# ASSIGNMENT:
The pictures must be left out, while the rest of the data is copied exactly.

# RECORDS SHOWN:

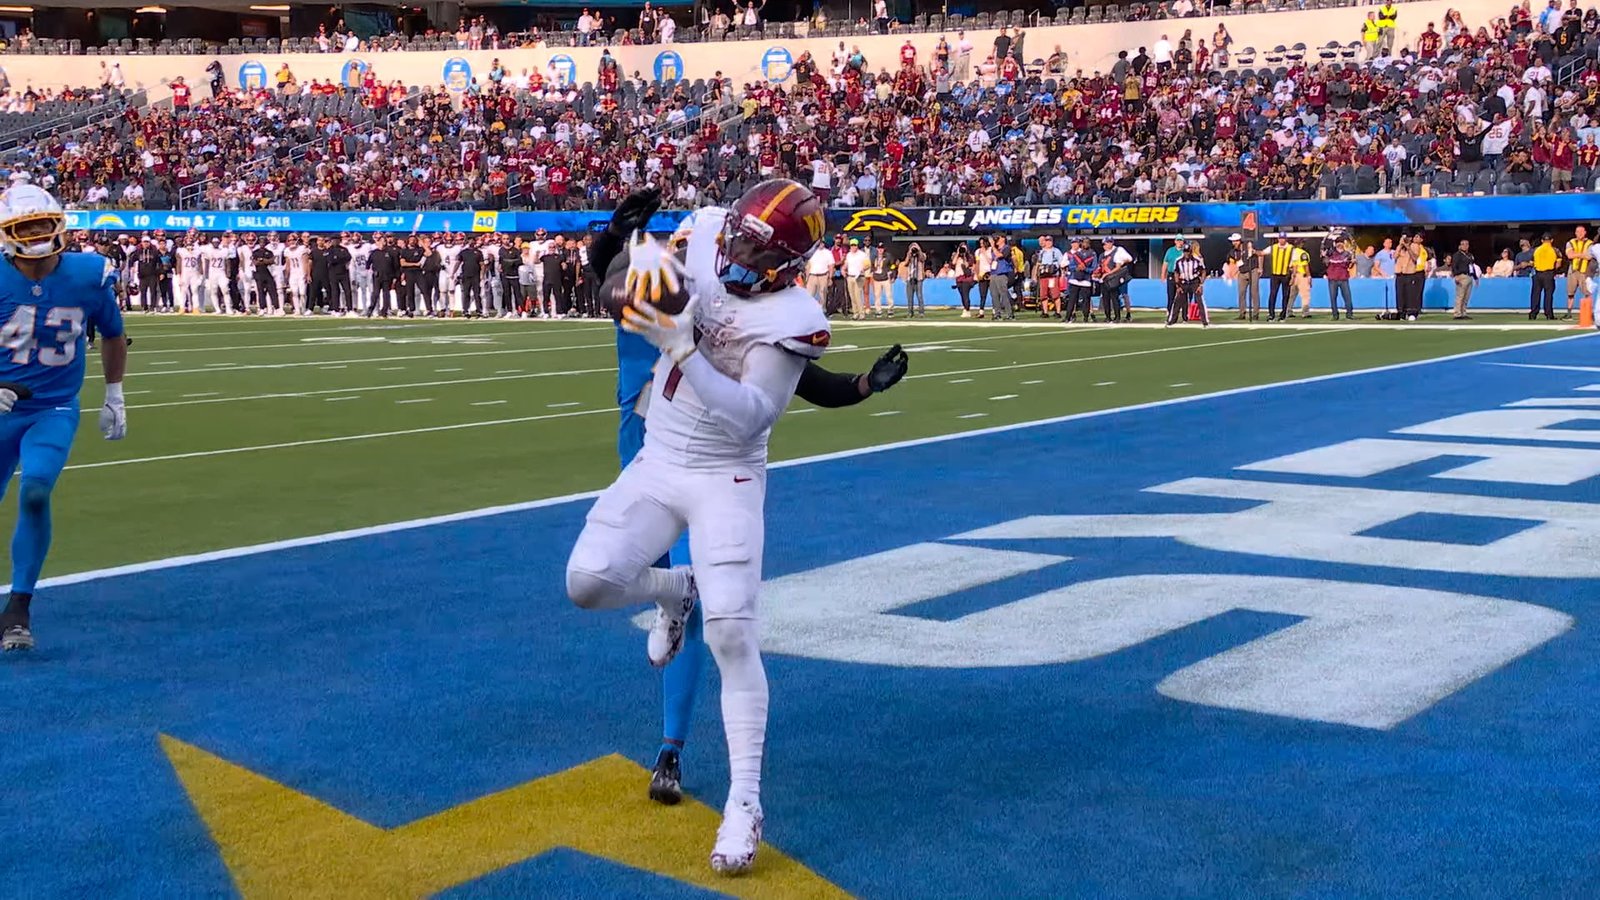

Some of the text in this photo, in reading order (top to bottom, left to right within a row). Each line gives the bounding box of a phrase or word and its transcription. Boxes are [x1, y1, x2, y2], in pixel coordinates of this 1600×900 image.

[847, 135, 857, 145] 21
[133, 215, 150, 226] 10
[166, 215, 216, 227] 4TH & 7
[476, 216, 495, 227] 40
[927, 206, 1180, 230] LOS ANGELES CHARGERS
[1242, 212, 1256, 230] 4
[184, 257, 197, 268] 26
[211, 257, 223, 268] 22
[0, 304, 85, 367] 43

# ANSWER TO THIS PROBLEM:
Some of the text in this photo, in reading order (top to bottom, left to right within a row). Each line gives the bounding box of a phrase or word and its transcription. Boxes are [x1, y1, x2, y2], in pixel coordinates of this 1600×900 image.

[847, 135, 857, 145] 21
[133, 215, 150, 226] 10
[166, 215, 216, 227] 4TH & 7
[476, 216, 495, 227] 40
[927, 206, 1180, 230] LOS ANGELES CHARGERS
[1242, 212, 1256, 230] 4
[184, 257, 197, 268] 26
[211, 257, 223, 268] 22
[0, 304, 85, 367] 43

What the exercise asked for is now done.